Police say the footage showed a plastic bag dangling from the rear carrier. The cyclist was accompanied by a pedestrian, who later dropped out of sight of the camera. Strapped to the rear was an Improvised Explosive Device (IED) with the timer set to a few minutes after 7 p.m.

Dilsukhnagar is a hub for educational institutes, especially private coaching centres for engineering subjects. Pandu Ranga, his cousin Mohan Reddy and a friend, Rajendra, were returning from a coaching class. The three engineering students reached the theatre some time before 7 p.m. They did not plan to stay there long. A quick snack and the three friends would separate and head home. Pandu Ranga, who is from Nalgonda district in the Telangana region of Andhra Pradesh, stays in a rented room in Swaroop Nagar. He intended to take a bus. The friends paid for the snacks and were leaving when they heard the first explosion.

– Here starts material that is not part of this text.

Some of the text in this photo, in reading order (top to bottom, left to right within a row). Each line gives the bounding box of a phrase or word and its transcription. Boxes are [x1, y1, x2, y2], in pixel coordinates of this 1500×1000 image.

Around 7 o’ clock, a loud explosion from the direction of the Dilsuknagar bus stand disrupted traffic in front of the theatre. In a moment, chaos enveloped the crowd of pedestrians, bystanders and motorists. There were scattered shouts that a transformer had exploded. Other voices shouted that a gas cylinder had exploded. Deciding that it was time to move , Pandu Ranga turned and walked away from the Mirchi Centre, his friends following behind. It was a mistake.

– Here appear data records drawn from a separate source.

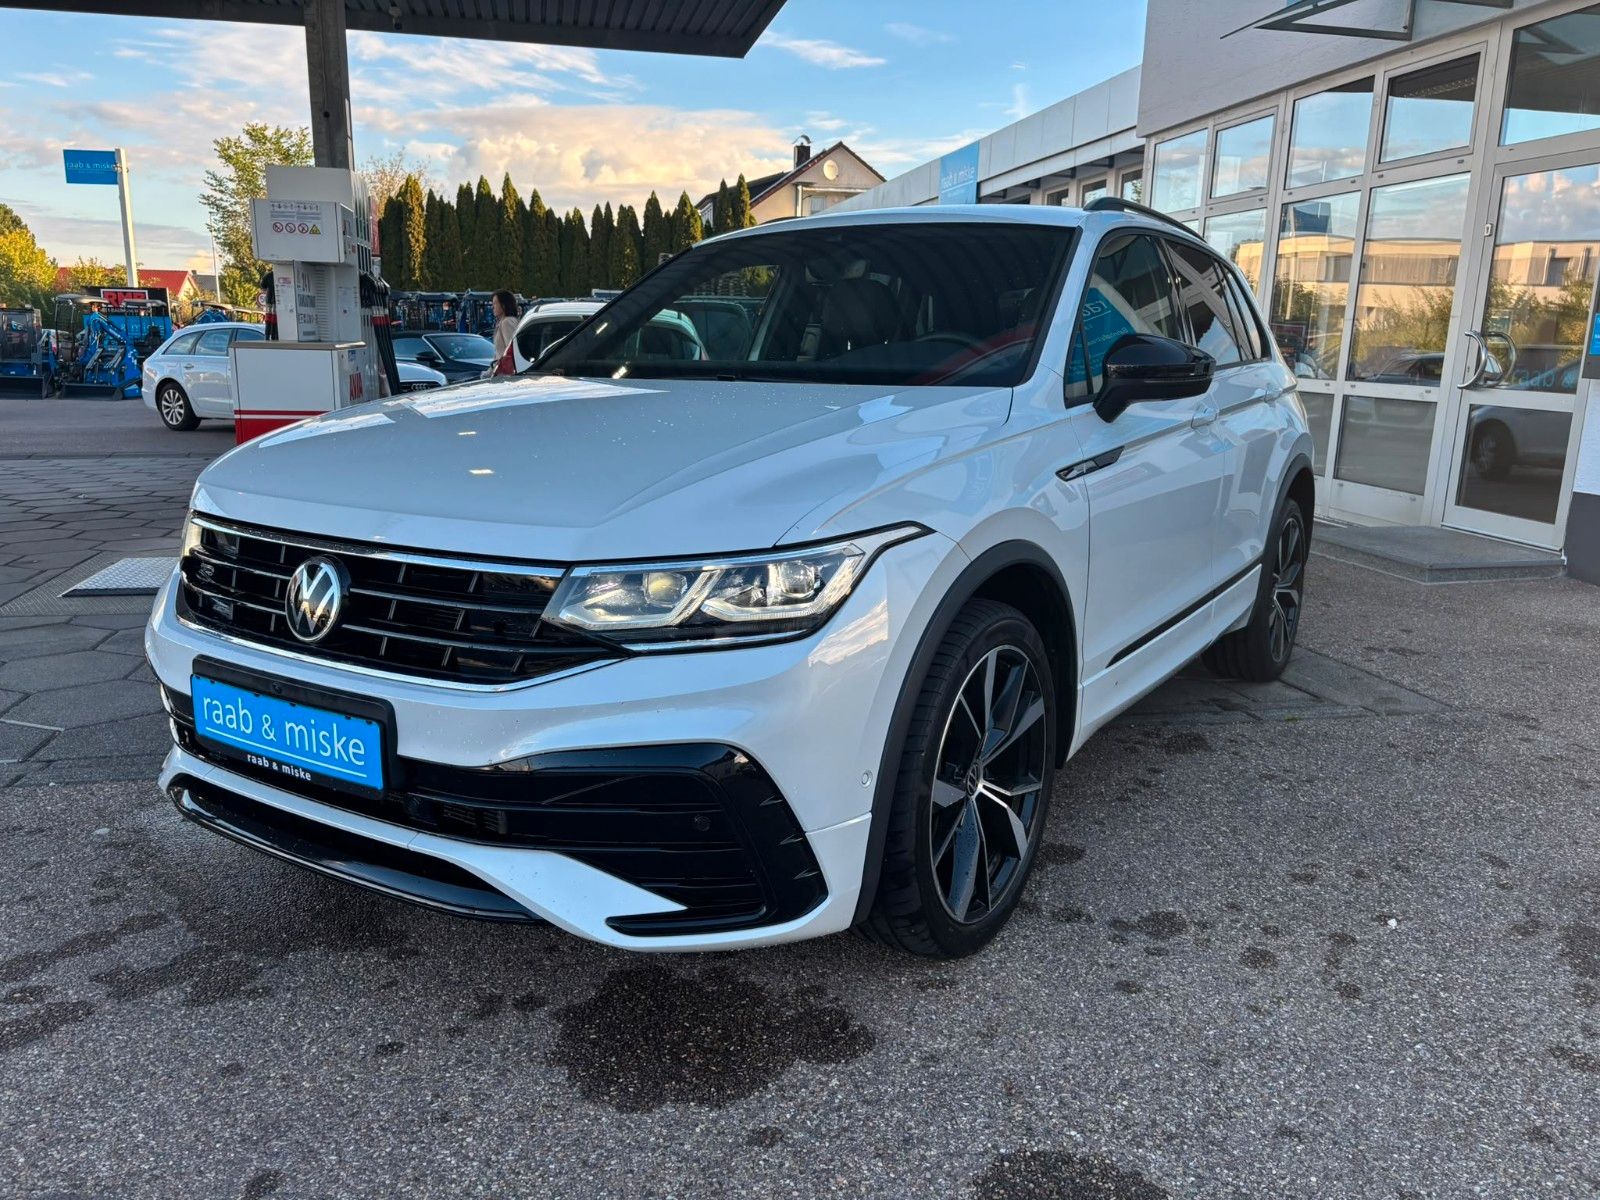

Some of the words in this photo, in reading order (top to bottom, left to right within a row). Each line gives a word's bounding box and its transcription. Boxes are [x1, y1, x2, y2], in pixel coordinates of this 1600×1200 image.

[203, 697, 254, 735] raab
[262, 714, 277, 742] &
[285, 719, 366, 766] miske
[247, 753, 270, 767] raab
[272, 761, 279, 771] &
[281, 764, 312, 781] miske

In taking those few steps Panduranga had cut down the distance between himself and the cycle carrying the IED. Six to 10 minutes after 7 p.m., the device went off and a powerful second explosion ripped through the area. Shrapnel from the bomb casing ripped through the flesh of men, women and children who collapsed like nine pins. Mohan Reddy and Rajendra escaped the worst. Their injuries were comparatively minor. Panduranga, however, had walked towards the blast wave, and deadly projectiles flying from the bomb tore through his face, arms and limbs. He remembers blinding pain and falling forward among a heap of bodies.

“I tried to turn and look for my friends. I couldn’t see them. There were dead and injured people all around me. Both my legs were bleeding. I screamed for help for several minutes. Then some young men came and pulled me off the road,” he says.

Though his injuries were extensive, Pandu Ranga did not lose consciousness. He vividly recalls the scenes of chaos: The near-stampede as panicked people fled helter-skelter fearing another blast, ambulances with blaring sirens that reached the spot a few minutes later and the white police jeeps with men in khaki. As police struggled to clear the traffic, some of the more stout-hearted bystanders helped the injured.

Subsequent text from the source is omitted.